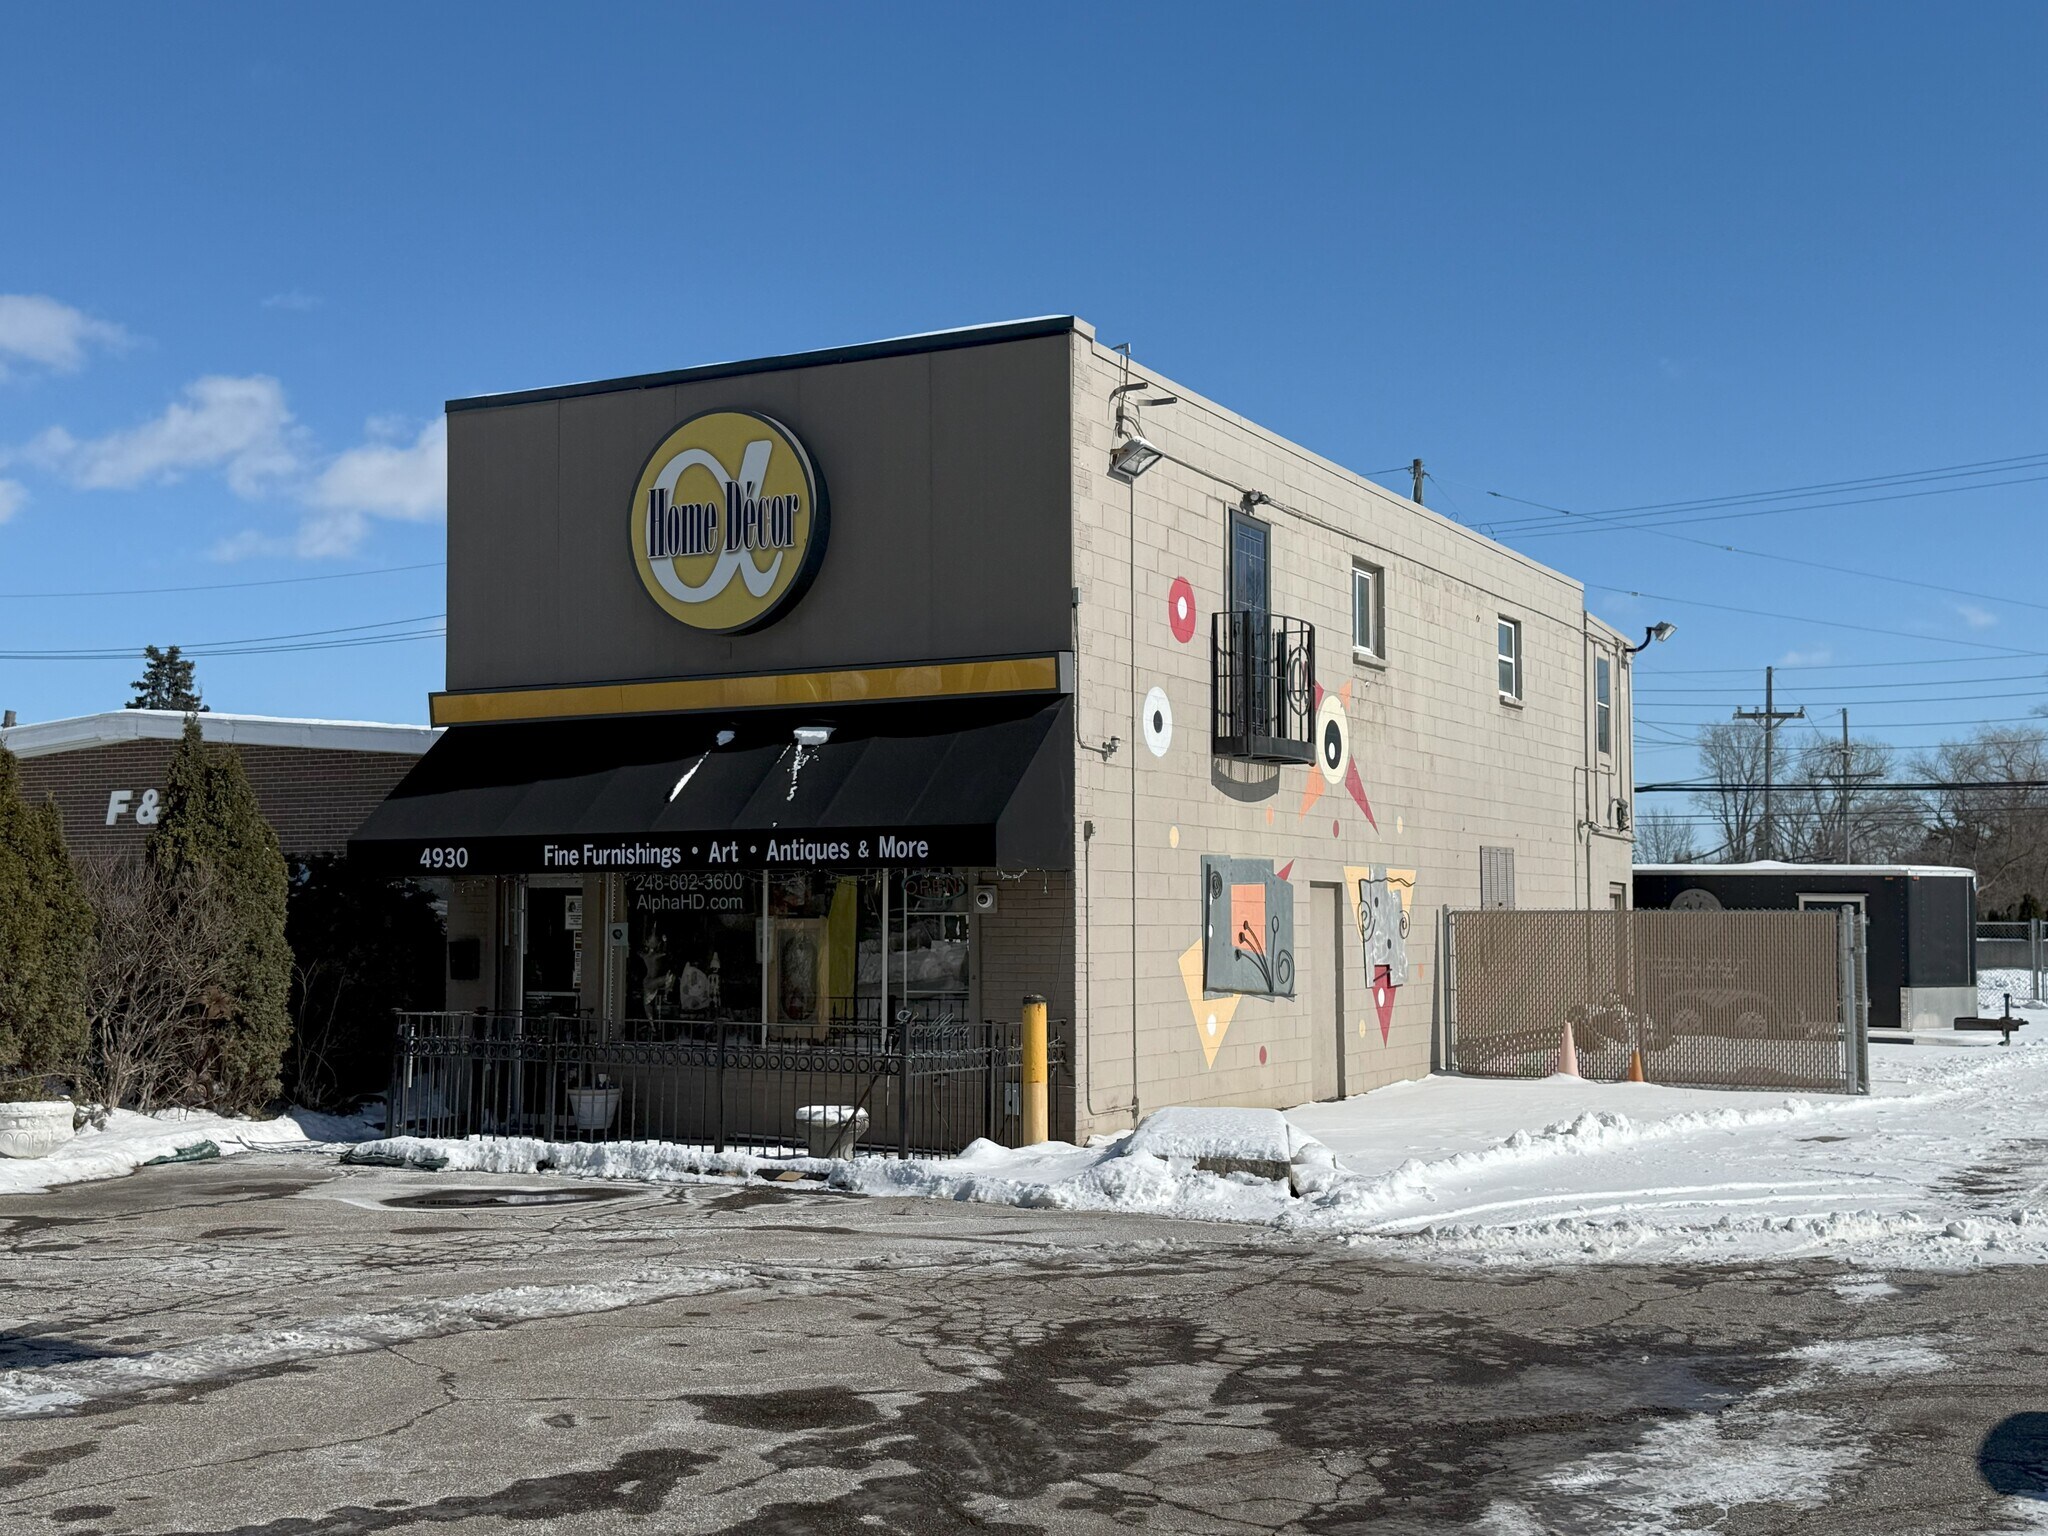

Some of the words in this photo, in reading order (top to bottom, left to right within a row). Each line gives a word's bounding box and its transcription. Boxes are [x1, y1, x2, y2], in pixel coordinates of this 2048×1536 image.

[647, 486, 719, 560] Home
[724, 480, 800, 553] Décor
[105, 790, 134, 826] F
[136, 788, 162, 825] &
[419, 847, 469, 868] 4930
[544, 844, 580, 866] Fine
[583, 842, 682, 868] Furnishings
[708, 840, 739, 863] Art
[766, 838, 850, 865] Antiques
[857, 840, 870, 858] &
[878, 835, 929, 858] More
[635, 873, 743, 891] 248-602-3600
[905, 878, 960, 896] OPEN
[635, 894, 743, 914] AlphaHD.com

•••

Please make an exact copy of the whole listing and leave out its pictures.

Some of the words in this photo, in reading order (top to bottom, left to right within a row). Each line gives a word's bounding box and its transcription. Boxes are [x1, y1, x2, y2], in pixel coordinates of this 2048×1536 image.

[647, 486, 719, 560] Home
[724, 480, 800, 553] Décor
[105, 790, 134, 826] F
[136, 788, 162, 825] &
[419, 847, 469, 868] 4930
[544, 844, 580, 866] Fine
[583, 842, 682, 868] Furnishings
[708, 840, 739, 863] Art
[766, 838, 850, 865] Antiques
[857, 840, 870, 858] &
[878, 835, 929, 858] More
[635, 873, 743, 891] 248-602-3600
[905, 878, 960, 896] OPEN
[635, 894, 743, 914] AlphaHD.com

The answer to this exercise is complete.